Информация о семинаре попалась на глаза моей редакторше-стилистке, остро мыслящей девице, выпускнице Оксфорда и Кардиффа, которая испытала шок, узнав, что целое — притом значительное — направление в искусстве зародилось, процветало и теперь, выходит, отдало концы, пока она следила за Эдинбургскими фестивалями и интимной жизнью королевского семейства. Девица прибрела к моему столу в мой еще более открытый всем ветрам на свете кабинет, чтоб посоветоваться. Накануне она побывала на какой-то вечеринке, где некто — думаю, опять же Ричард Роджерс — заявил ей, что постмодернизм — он называл его По-Мо — уже не слишком актуален, и ей не мешало бы с ним познакомиться, пока он окончательно не устарел. В результате она загорелась идеей сделать приложение, посвященное с начала до конца По-Мо, и вот теперь желала знать, не подойдет ли для него статья о семинаре в Шлоссбурге.

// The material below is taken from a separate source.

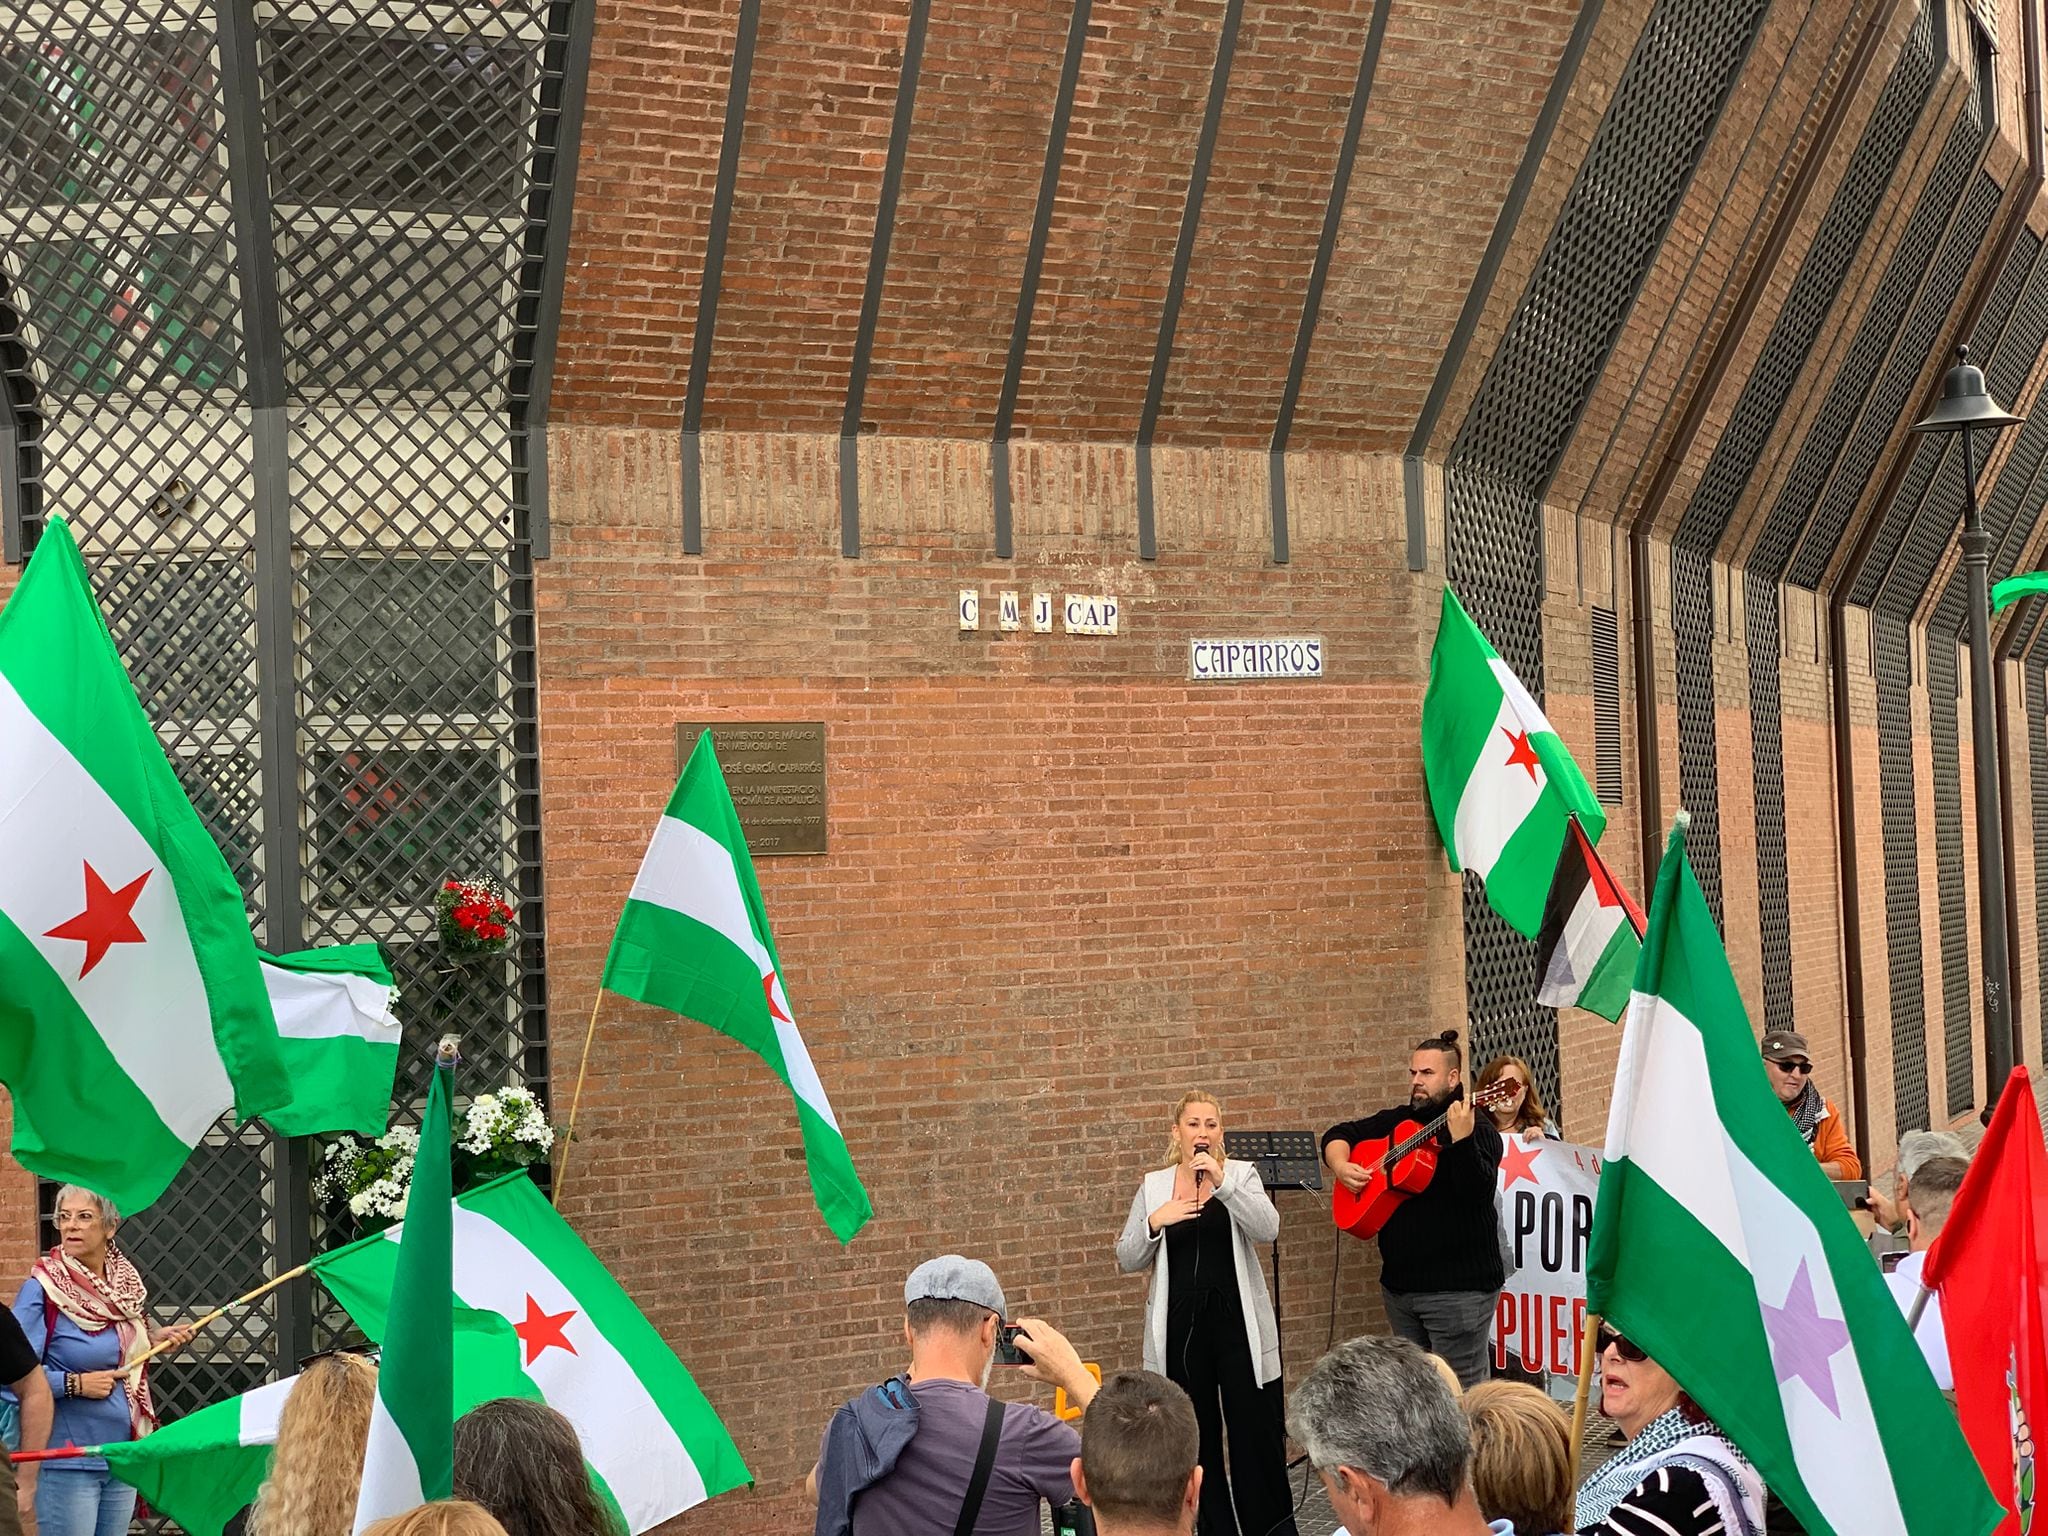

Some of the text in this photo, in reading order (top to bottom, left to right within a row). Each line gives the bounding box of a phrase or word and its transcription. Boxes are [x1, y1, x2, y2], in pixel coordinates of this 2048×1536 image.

Я просмотрел программу и тотчас же понял: пропустить это событие нельзя. Писателям, ученым, интеллектуалам всех восточно-европейских стран, в течение четырех десятилетий не имевшим доступа к пародии, пастишу, иронии, неопределенности повествования, новой истории, теории хаоса и бездонности позднего модернизма, была дана возможность наверстать упущенное. Дальновидные немецкие промышленные фонды, такие, как «мерседес» и «бош», выделили средства на приезд их в Шлоссбург. Несколько крупнейших представителей американского постмодернизма, такие, как Джон Барт и Уильям Гасс, Реймонд Федерман и Ихаб Хассан, должны были вознестись в виртуальную реальность трансатлантических полетов и прибыть для выступления перед ними, как и ряд ведущих европейских интеллектуалов и философов-де-конструктивистов. Среди них был даже сам профессор Анри Мансонж[8], известный во всем мире деконструктивист из университета «Париж XIII», который никогда нигде не появлялся собственной персоной. Даже он, однако, согласился сделать сообщение о Полностью Деконструированном «Я». То есть событие обещало быть из ряда вон.

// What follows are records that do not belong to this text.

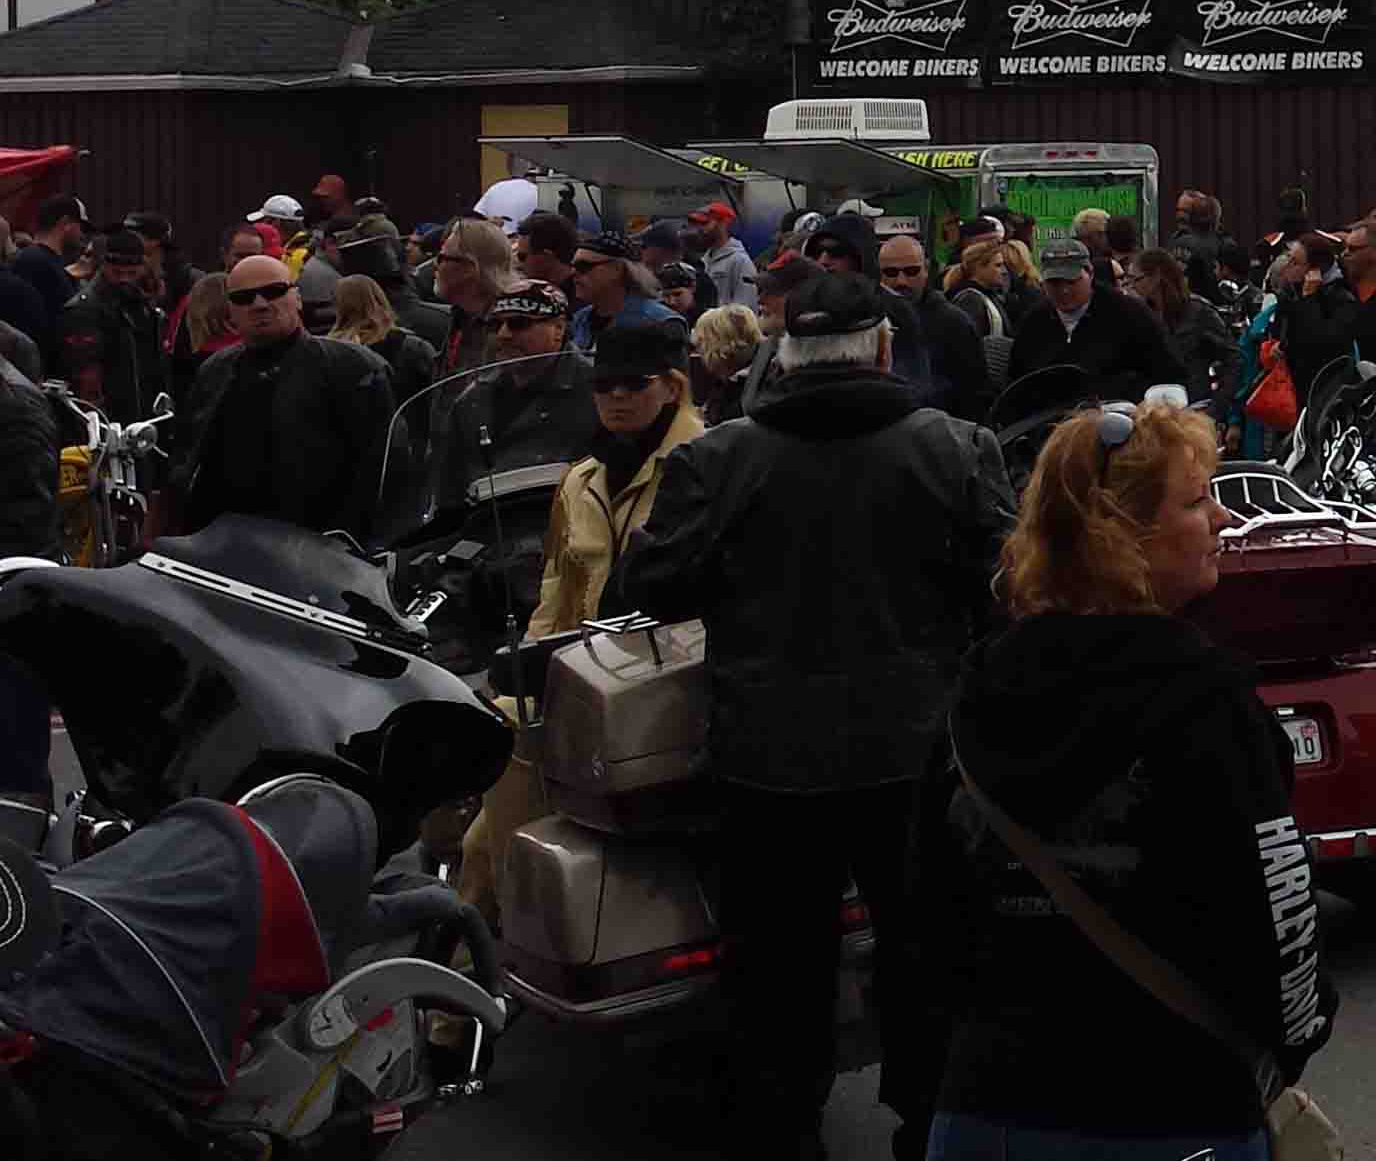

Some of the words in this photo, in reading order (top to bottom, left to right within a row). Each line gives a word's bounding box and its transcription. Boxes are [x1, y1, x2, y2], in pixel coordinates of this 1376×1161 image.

[826, 3, 966, 37] Budweiser
[1008, 0, 1152, 33] Budweiser
[819, 58, 910, 79] WELCOME
[912, 56, 979, 78] BIKERS
[999, 55, 1094, 75] WELCOME
[1097, 54, 1167, 73] BIKERS
[1184, 52, 1286, 72] WELCOME
[1289, 50, 1364, 70] BIKERS
[931, 150, 978, 169] HERE

Поэтому когда редакторша спросила, стоит ли об этом написать статью, я быстренько ответил «да». Нет чтоб сообразить тотчас же что к чему: ведь я стал старше, умнее, добродетельнее, и, помимо всего прочего, разыскивая Криминале, я побывал на множестве заграничных конференций. Но можете не сомневаться, пару дней спустя, пристегнутый на высоте двадцать тысяч футов с бесплатным джин-и-тоником в руке, я летел «Люфтганзой» в Штутгарт, от которого ближе всего до Шлоссбурга, куда меня гнала необходимость накропать две тысячи трескучих слов на тему «Что произошло с По-Мо». И лишь тогда нашлось у меня время просмотреть как следует программу семинара, лишь тогда увидел я, что прежде не заметил имя одного из самых крупных интеллектуалов, летевшего туда, чтоб выступить с единственной — программной — лекцией. В отличие от меня вы вряд ли будете удивлены, узнав, что это был профессор Басло Криминале.

Я посмотрел еще раз: его имя явно значилось там. Сердце у меня упало: не хотел я, нет, определенно не хотел встречаться вновь с этим великим человеком. Я закончил поиски, поставил точку и перевернул страницу. Вечер (а возможно, не один, кто знает?), проведенный мною с Козимой в Брюсселе, наконец подвел черту под ними. Может быть, он был героем, но с точки зрения морали он определенно разочаровал меня. Может быть, по отношению к нему грешили больше, чем он сам, но теперь я знал: грешил и он. Он предавал себя и предавал других; более того, так поступая, он в каком-то смысле предал и меня. Вначале я подозревал его, потом стал восхищаться и ценить, теперь же снова репутация его в моих глазах была запятнана. Но я сдержал обет молчания. Я ничего не написал о нем и не хотел писать сейчас.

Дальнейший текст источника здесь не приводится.